=== Begin Enclosure ===
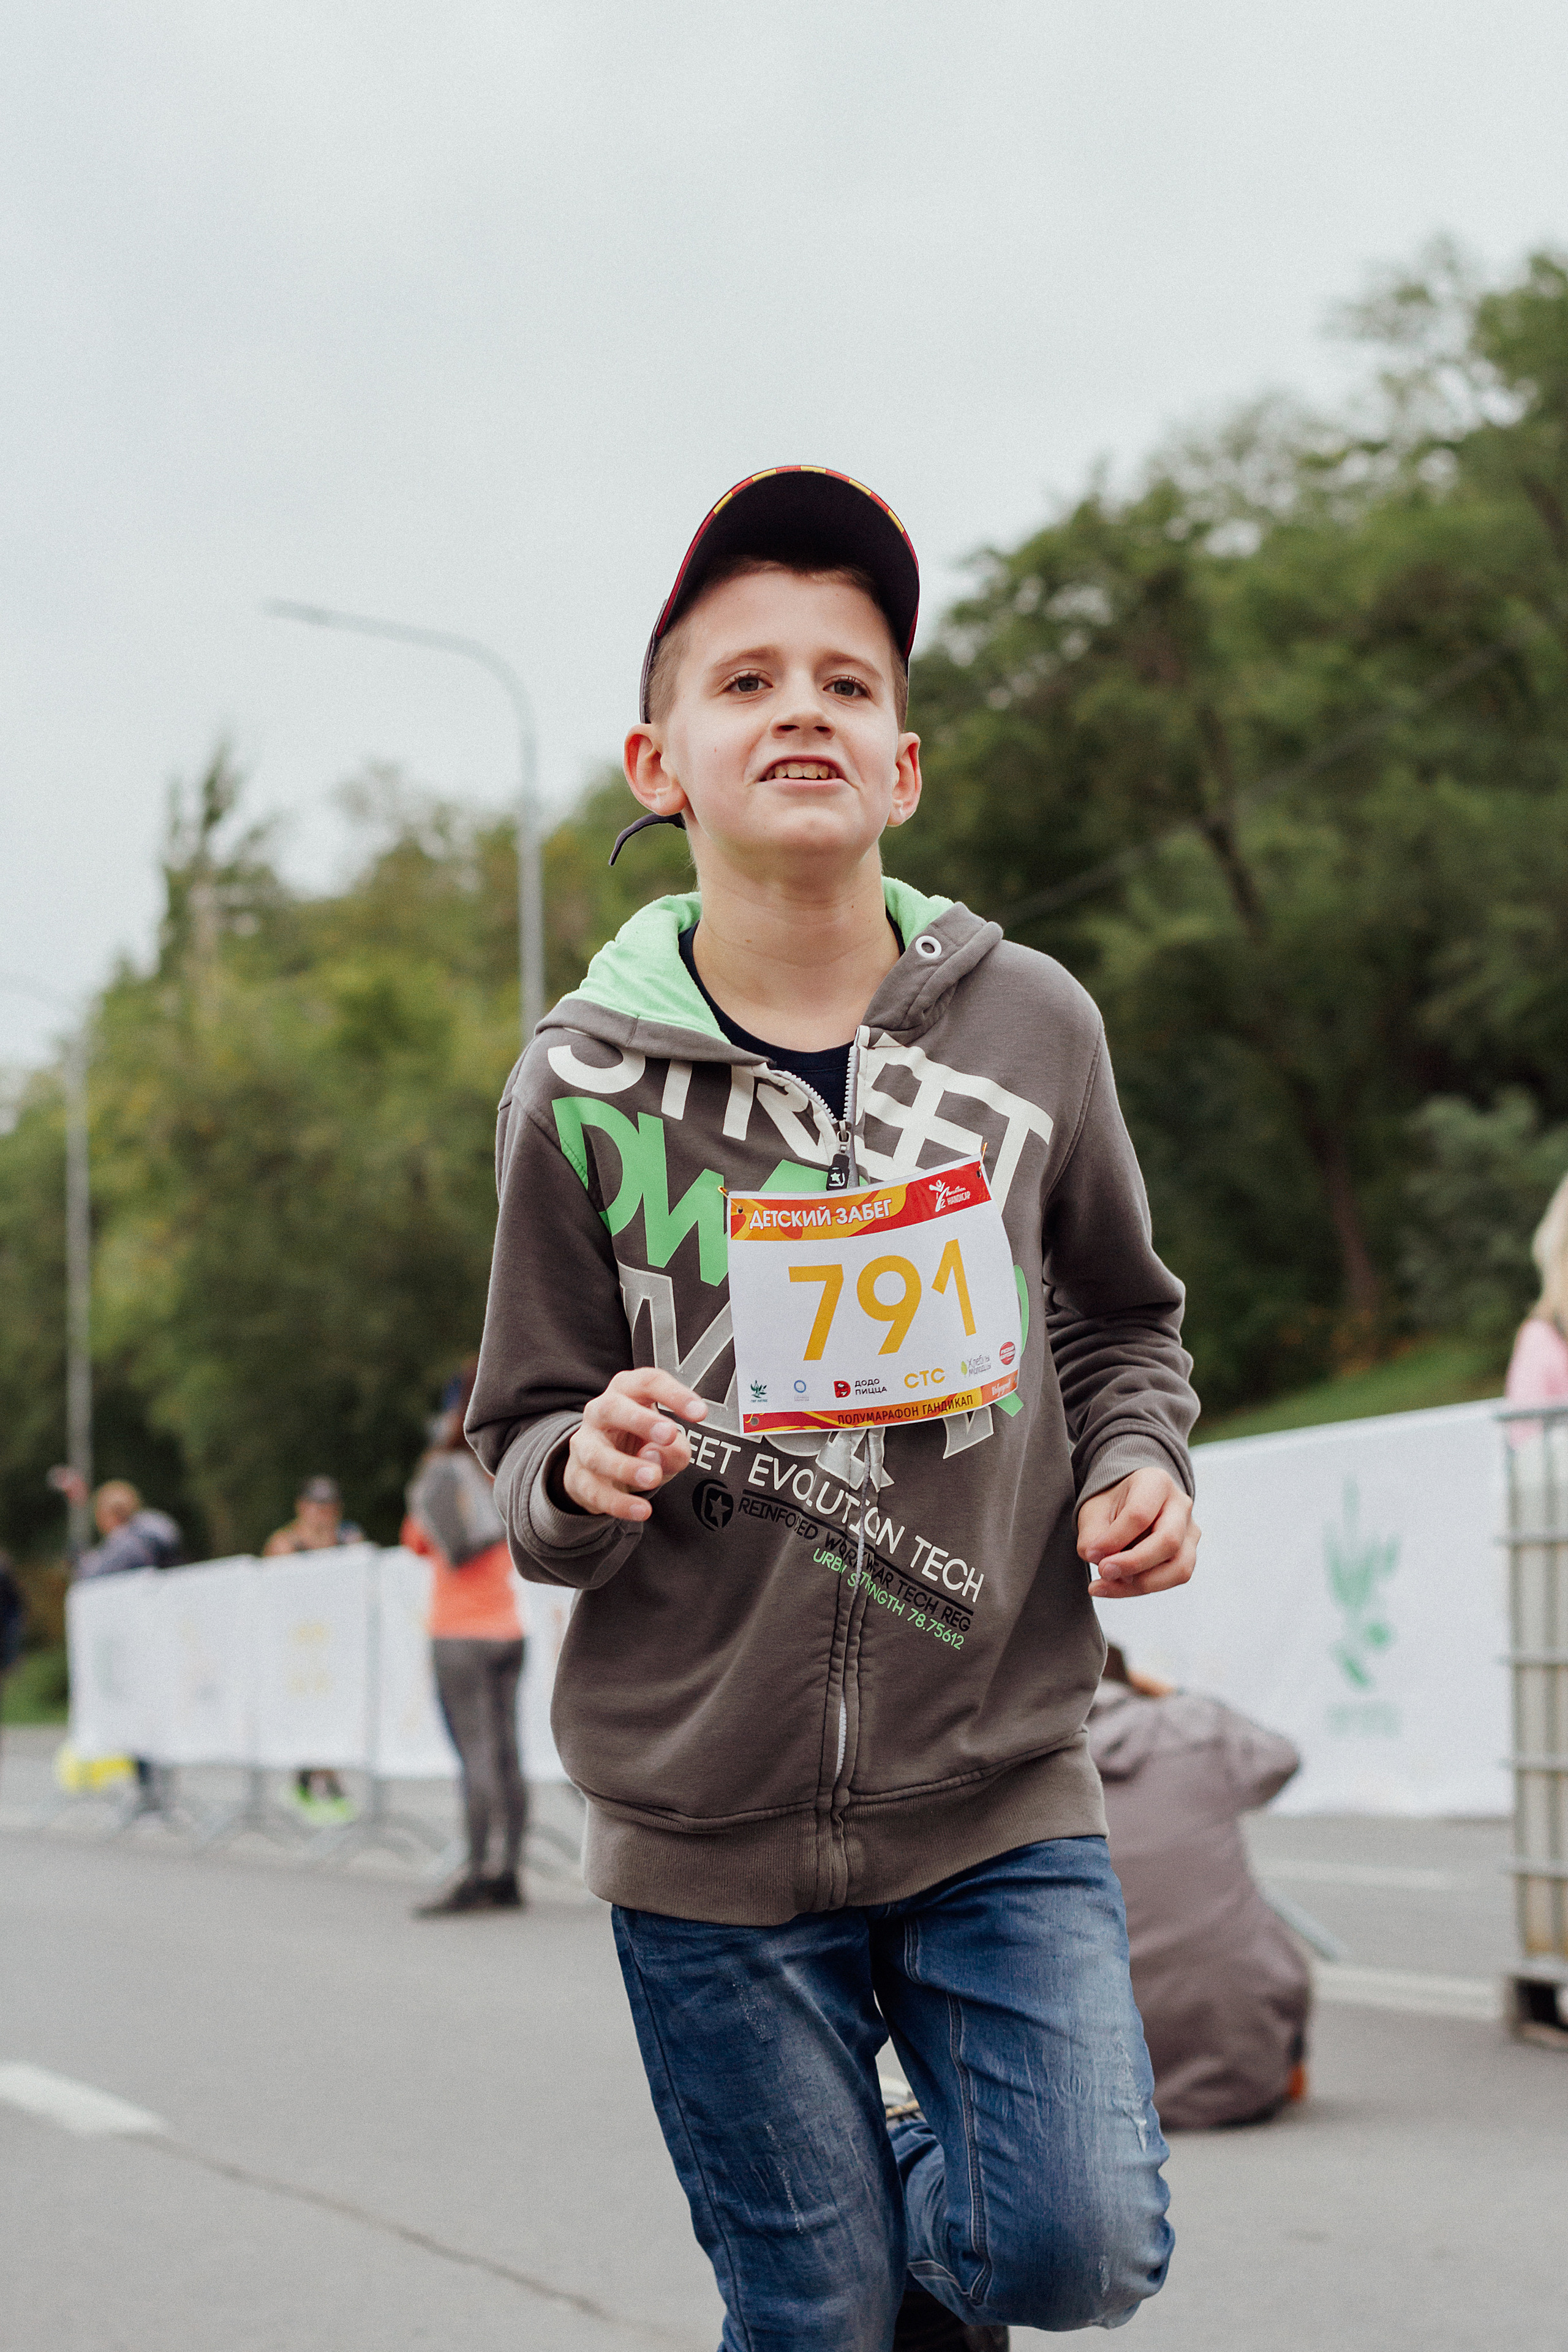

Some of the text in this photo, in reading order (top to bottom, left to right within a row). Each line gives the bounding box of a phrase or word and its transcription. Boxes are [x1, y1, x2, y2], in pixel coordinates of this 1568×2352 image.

[749, 1199, 892, 1230] ДЕТСКИЙ ЗАБЕГ
[788, 1238, 976, 1362] 791
[854, 1378, 880, 1388] ДОДО
[855, 1386, 888, 1395] ПИЦЦА
[904, 1368, 946, 1389] СТС
[837, 1395, 973, 1425] ПОЛУМАРАФОН ГАНДИКАП
[675, 1423, 741, 1474] EET
[910, 1535, 984, 1602] TECH
[895, 1579, 938, 1615] TECH
[941, 1607, 971, 1632] REG
[907, 1608, 965, 1650] 78.75612
=== End Enclosure ===
__What you have to do__
Everything in the listing except the pictures must come back exactly as written.

__Answer area__
Some of the text in this photo, in reading order (top to bottom, left to right within a row). Each line gives the bounding box of a phrase or word and its transcription. Boxes are [x1, y1, x2, y2], in pixel coordinates of this 1568×2352 image.

[749, 1199, 892, 1230] ДЕТСКИЙ ЗАБЕГ
[788, 1238, 976, 1362] 791
[854, 1378, 880, 1388] ДОДО
[855, 1386, 888, 1395] ПИЦЦА
[904, 1368, 946, 1389] СТС
[837, 1395, 973, 1425] ПОЛУМАРАФОН ГАНДИКАП
[675, 1423, 741, 1474] EET
[910, 1535, 984, 1602] TECH
[895, 1579, 938, 1615] TECH
[941, 1607, 971, 1632] REG
[907, 1608, 965, 1650] 78.75612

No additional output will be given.